# [YOUR ASSIGNMENT]
Could you transcribe every record below exactly, leaving out the pictures?
-*-
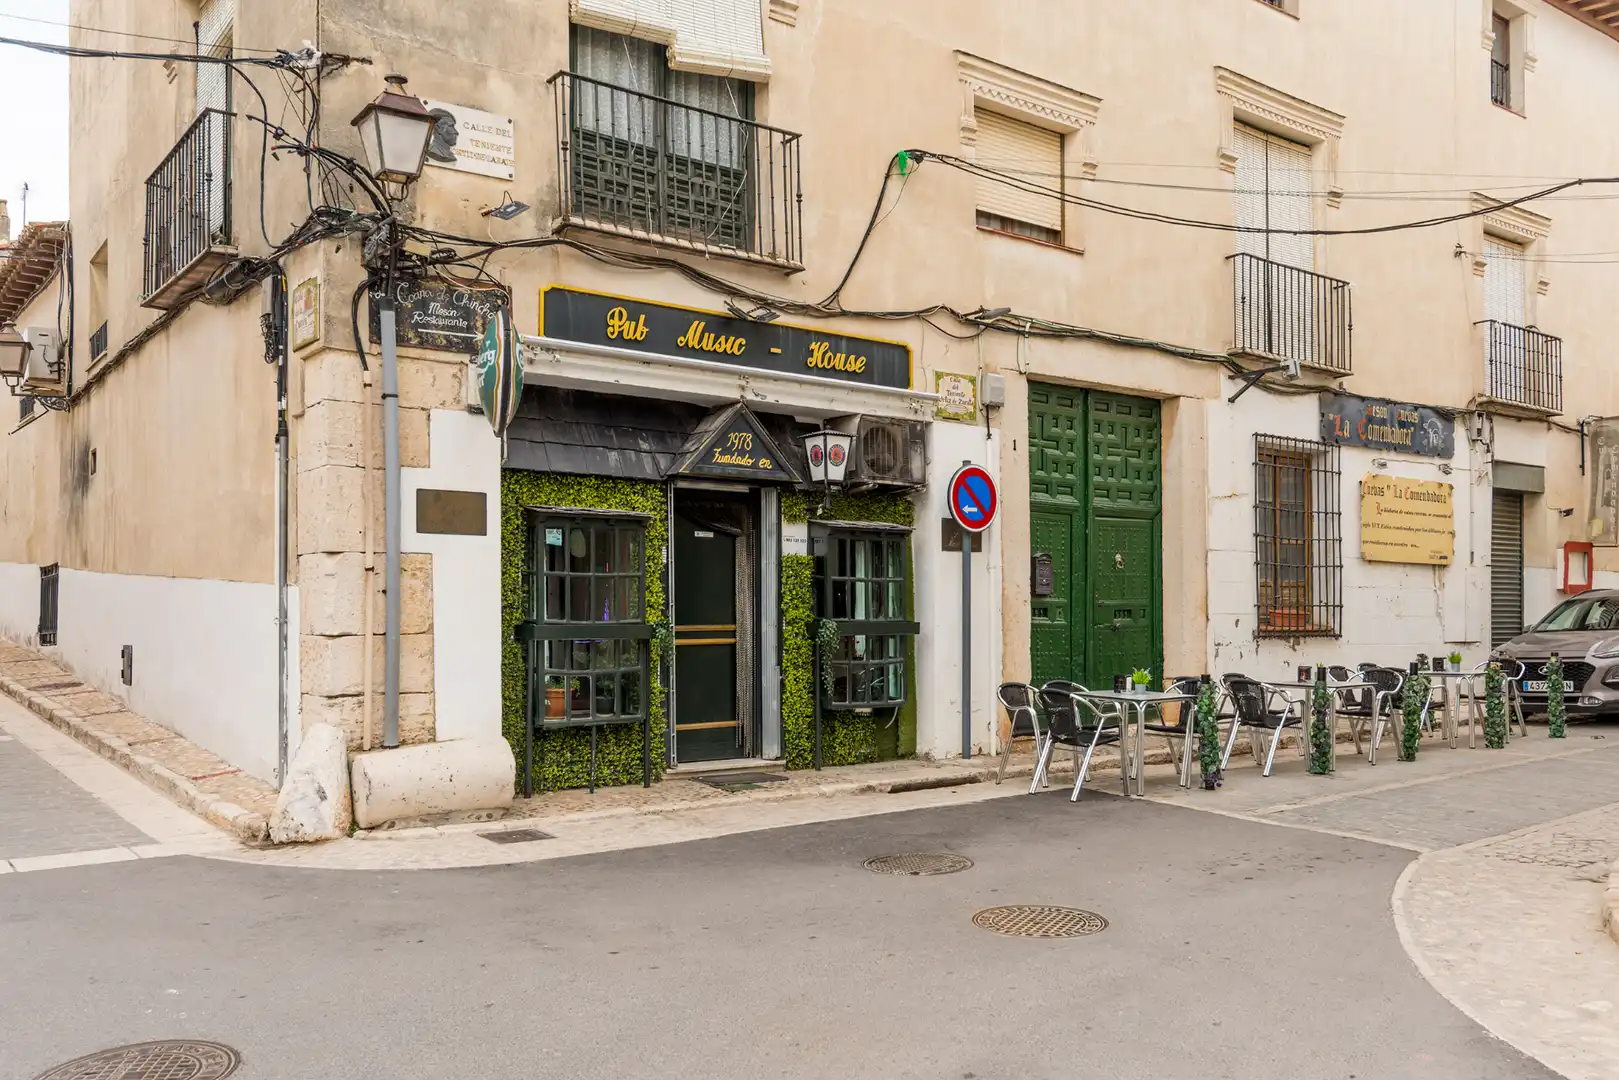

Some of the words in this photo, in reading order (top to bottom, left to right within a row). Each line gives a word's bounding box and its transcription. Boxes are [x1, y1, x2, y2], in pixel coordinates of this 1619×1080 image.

[462, 121, 493, 134] CALLE
[495, 127, 513, 139] DEL
[469, 138, 512, 155] TENIENTE
[411, 310, 468, 329] Restaurante
[606, 306, 649, 342] Pub
[676, 319, 747, 357] Music
[807, 340, 867, 374] House
[726, 432, 753, 451] 1978
[711, 447, 755, 467] Fundado
[758, 458, 773, 470] en
-*-
# [FINISHED EXERCISE]
Some of the words in this photo, in reading order (top to bottom, left to right within a row). Each line gives a word's bounding box and its transcription. Boxes are [x1, y1, x2, y2], in pixel coordinates of this 1619×1080 image.

[462, 121, 493, 134] CALLE
[495, 127, 513, 139] DEL
[469, 138, 512, 155] TENIENTE
[411, 310, 468, 329] Restaurante
[606, 306, 649, 342] Pub
[676, 319, 747, 357] Music
[807, 340, 867, 374] House
[726, 432, 753, 451] 1978
[711, 447, 755, 467] Fundado
[758, 458, 773, 470] en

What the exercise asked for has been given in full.